On domestic issues, the enormous U.S. economic and public health crisis, as well as Republican obstruction, has pushed the Democratic administration in certain “progressive” directions. The same is not true of Washington’s foreign policy. What stands out here on first look is its sickening moral depravity.

Inherited from Trump’s gang, brutal sanctions on the people of Iran and Venezuela continue, while there’s no sign yet of lifting the criminal U.S. economic blockade of Cuba. As Kevin Young writes on Venezuela: “U.S. support for the far-right forces of (Juan) Gauidó and (Leopoldo) Lopez is intended to prevent a deal between (president) Maduro and the more pragmatic elements of the opposition [which] might alleviate Venezuela’s economic crisis, but it could leave Maduro in power and thus derail the U.S.’s regime change agenda.” (“Smarter Empire,” March 8, 2021)

Meanwhile no sanctions have been placed on the murderous Crown Prince of Saudi Arabia, Mohammad bin Salman, on the pretext that Washington is “recalibrating the relationship” with Saudi Arabia, while preserving its essentials — and maintaining  arms sales to the United Arab Emirates, as the country of Yemen dies. There are too many other dirty examples of “geopolitics” to list here.

Without reference to ethical considerations, we must also look at the real conflicts and contradictions facing the leading imperialist power. These are particularly important given the rising power of China as well as economic and cybersecurity challenges. Some of these carry longterm threats of war and mutual destruction.

This requires digging beneath daily rhetoric and news cycle noise. Strategically, “deep continuities” between Trump and Biden outweigh the differences.

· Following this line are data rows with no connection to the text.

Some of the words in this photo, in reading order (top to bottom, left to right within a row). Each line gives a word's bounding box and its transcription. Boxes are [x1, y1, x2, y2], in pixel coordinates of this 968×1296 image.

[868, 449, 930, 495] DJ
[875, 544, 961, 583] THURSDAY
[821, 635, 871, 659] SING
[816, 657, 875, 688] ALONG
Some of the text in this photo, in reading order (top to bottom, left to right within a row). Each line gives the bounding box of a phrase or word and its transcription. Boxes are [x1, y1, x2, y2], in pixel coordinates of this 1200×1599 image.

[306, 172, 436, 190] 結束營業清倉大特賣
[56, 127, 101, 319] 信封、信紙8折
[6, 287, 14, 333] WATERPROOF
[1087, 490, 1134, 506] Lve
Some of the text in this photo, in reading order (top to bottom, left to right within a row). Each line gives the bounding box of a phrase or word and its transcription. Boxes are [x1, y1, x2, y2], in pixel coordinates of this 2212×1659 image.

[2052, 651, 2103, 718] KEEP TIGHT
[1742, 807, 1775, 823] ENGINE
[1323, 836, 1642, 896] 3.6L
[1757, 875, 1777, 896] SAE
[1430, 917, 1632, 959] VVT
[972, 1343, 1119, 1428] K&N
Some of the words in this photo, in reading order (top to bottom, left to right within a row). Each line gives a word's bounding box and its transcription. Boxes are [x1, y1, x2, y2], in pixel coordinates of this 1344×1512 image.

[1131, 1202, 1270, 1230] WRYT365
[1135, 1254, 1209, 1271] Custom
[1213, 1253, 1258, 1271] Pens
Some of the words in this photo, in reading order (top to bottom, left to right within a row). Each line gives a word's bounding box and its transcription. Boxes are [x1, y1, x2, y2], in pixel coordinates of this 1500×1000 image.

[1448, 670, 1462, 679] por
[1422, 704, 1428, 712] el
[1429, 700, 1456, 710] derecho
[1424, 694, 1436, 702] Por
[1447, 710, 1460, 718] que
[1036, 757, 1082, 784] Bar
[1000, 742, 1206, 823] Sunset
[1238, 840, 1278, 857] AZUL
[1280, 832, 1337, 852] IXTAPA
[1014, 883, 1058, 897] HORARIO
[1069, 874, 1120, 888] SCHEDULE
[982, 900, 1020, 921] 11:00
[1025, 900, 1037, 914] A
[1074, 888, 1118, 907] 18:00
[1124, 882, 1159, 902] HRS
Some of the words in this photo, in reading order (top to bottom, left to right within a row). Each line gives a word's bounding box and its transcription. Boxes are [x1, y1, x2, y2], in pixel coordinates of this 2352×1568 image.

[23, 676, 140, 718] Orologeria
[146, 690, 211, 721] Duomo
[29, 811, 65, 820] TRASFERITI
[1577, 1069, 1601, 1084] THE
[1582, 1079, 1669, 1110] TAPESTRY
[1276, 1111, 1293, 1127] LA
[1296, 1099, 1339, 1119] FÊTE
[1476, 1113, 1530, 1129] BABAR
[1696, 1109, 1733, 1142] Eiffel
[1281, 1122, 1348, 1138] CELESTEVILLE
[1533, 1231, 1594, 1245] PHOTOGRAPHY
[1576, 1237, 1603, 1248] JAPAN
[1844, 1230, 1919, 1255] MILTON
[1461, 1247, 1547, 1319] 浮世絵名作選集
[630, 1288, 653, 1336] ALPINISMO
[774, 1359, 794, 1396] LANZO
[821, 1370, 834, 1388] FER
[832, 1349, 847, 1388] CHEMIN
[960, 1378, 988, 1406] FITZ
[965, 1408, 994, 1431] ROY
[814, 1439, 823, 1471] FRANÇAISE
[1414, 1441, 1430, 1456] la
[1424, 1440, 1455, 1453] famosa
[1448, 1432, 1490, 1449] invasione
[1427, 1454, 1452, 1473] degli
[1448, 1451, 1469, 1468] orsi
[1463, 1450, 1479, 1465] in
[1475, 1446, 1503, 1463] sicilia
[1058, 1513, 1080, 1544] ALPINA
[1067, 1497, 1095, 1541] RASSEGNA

For example, while the big twit liked playing tough on TV when he threatened “Little Rocket Man” or bombed an empty airfield in Syria, Biden in his first 30 days already launched an air strike in Iraq that killed reportedly 22 Iraqi Shia militia fighters.

Biden’s intent was a warning signal to Iran, not starting a real war. Neither Biden nor Trump are serious warmakers by intention — even though such actions could trigger an apocalypse by accident or miscalculation. That is also certainly true of other smoldering conflicts, e.g. between U.S. and Chinese naval forces in the South China Sea, or the half-hidden Israeli and Iranian cyber conflict and sabotage of each other’s shipping.

It does appear, if carried through, that Biden will end the U.S. war in Afghanistan by the 9/11 anniversary — a 20-year defeat for U.S. power, a war that could never have been “won” — and the longer it lasted, the more it inflicted devastation on Afghanistan and its population.

Conflicts and Contradictions

Notoriously, Trump was contemptuous of the U.S. strategic partners in Europe for their blatant failure to sufficiently impoverish their own populations for the sake of ramped-up military spending. Trump’s trashing of NATO and peremptory withdrawal from the Paris climate accord horrified the strategic partners of the United States, while appealing to his nativist and climate-change-denying domestic base.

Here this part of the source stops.